Biasanya, permintaan minyak nabati sejenis lebih sering digunakan untuk hotel dan restoran. Akibat pandemi, dua sektor pariwisata tersebut harus tutup. Begitu pula dengan berakhirnya kontrak Impor minyak sawit ke Uni Eropa 2019/2020 yang berakhir bulan juni lalu. Semakin menggerus ekspor Malaysia.

Cara Malaysia Meningkatkan Kembali Kinerja Ringgit

Saat ini, banyak negara sudah melakukan kebijakan menuju new normal. Beberapa perdagangan ekspor dan import mulai kembali tumbuh.

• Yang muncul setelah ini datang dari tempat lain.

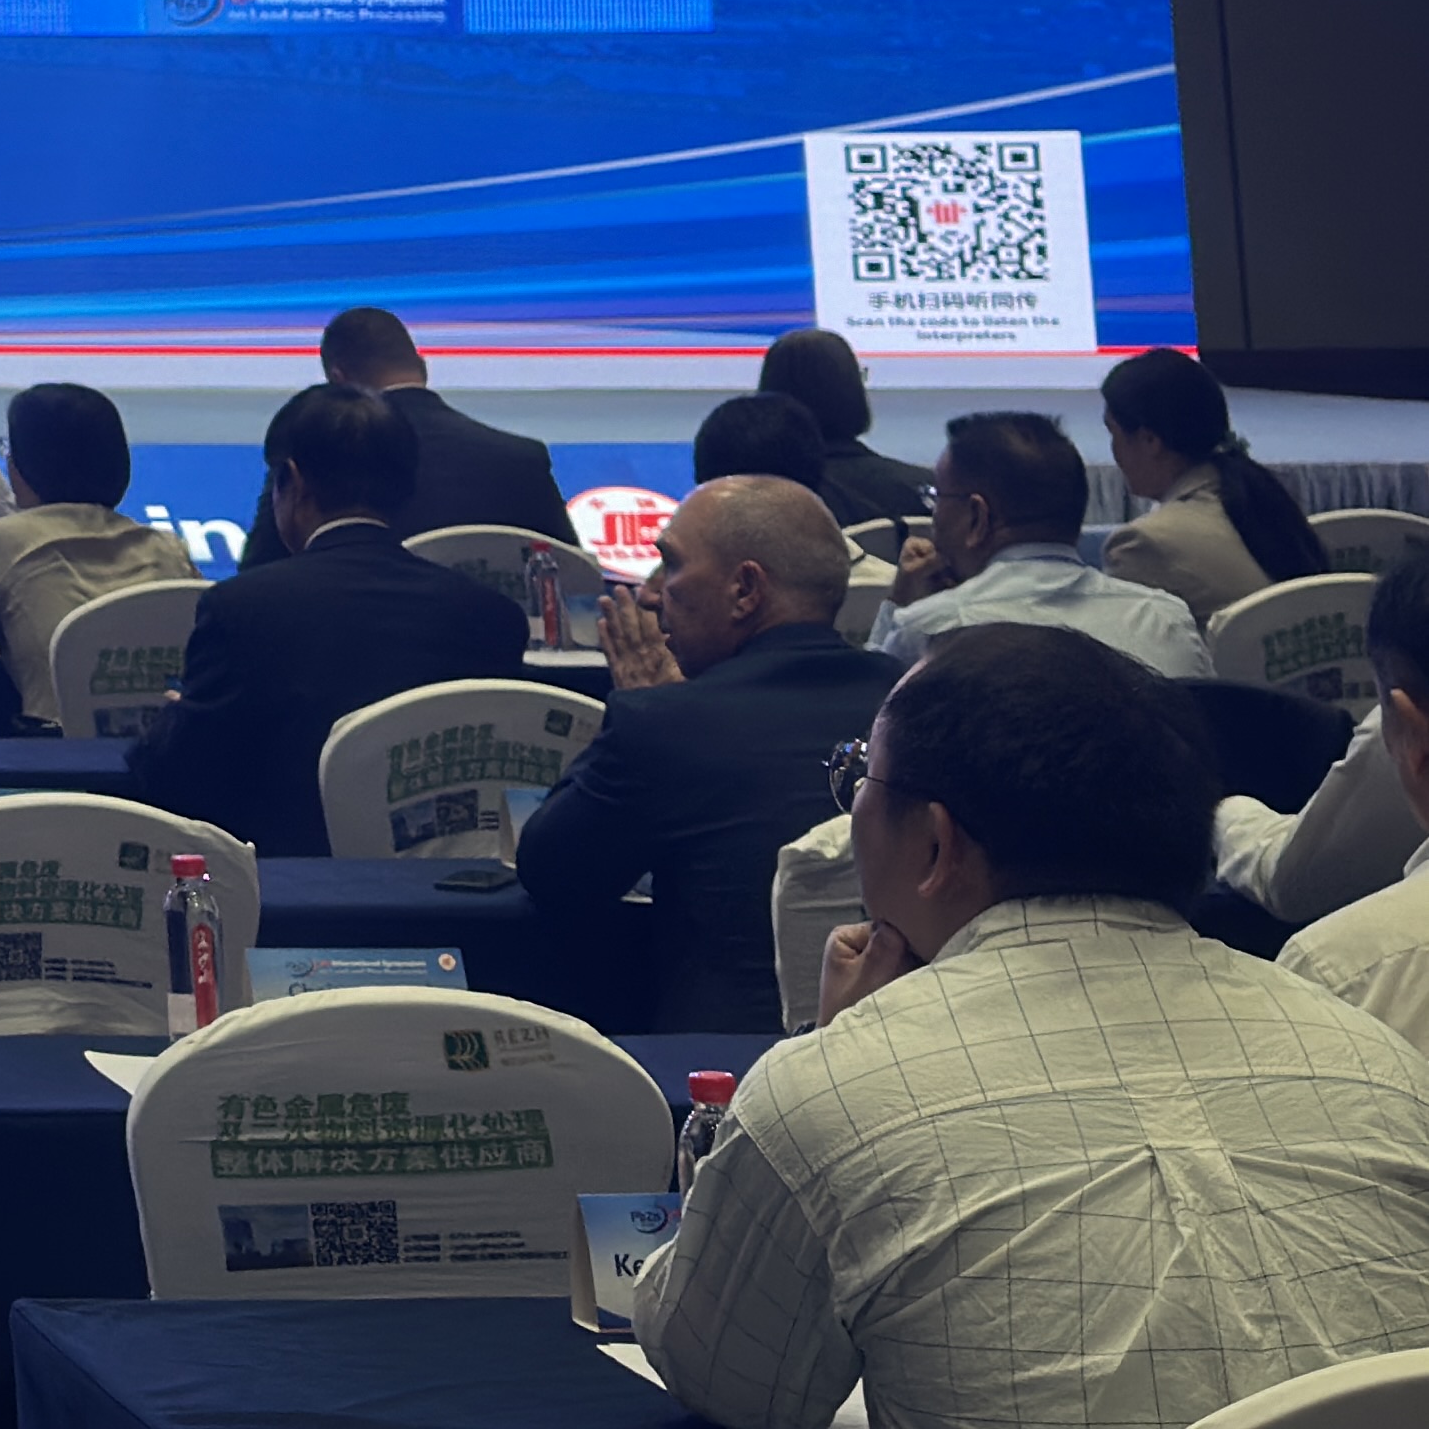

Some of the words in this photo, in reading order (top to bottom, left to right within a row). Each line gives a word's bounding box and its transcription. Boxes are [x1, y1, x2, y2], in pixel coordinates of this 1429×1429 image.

[215, 1141, 549, 1175] 整体解决方案供应商

Terlebih lagi, perlemahan terhadap Dollar AS yang terjadi selama beberapa pekan, bisa dimanfaatkan dengan baik untuk menumbuhkan kembali nilai tukar Ringgit.

Di sisi lain, sistem kerja sama Malaysia dan Thailand di bidang perdagangan yang tidak menggunakan Dollar AS sebagai sistem pembayaran. Diproyeksikan mampu menghindari konsumsi Dollar AS yang sangat tinggi. Dengan begitu harga barang bisa jauh lebih murah. Daya beli masarakat juga bisa jauh lebih baik.

Faktor yang mampu menekan laju perlemahan Ringgit, adalah daya beli masyarakat. Apalagi, Malaysia sudah membuka beberapa sektor yang sempat ditutup hampir 3 bulan lamanya. Dengan berputarnya roda ekonomi dan kebutuhan terhadap Ringgit yang tinggi. Bisa menjadi pemicu yang baik agar terhindar dari resesi.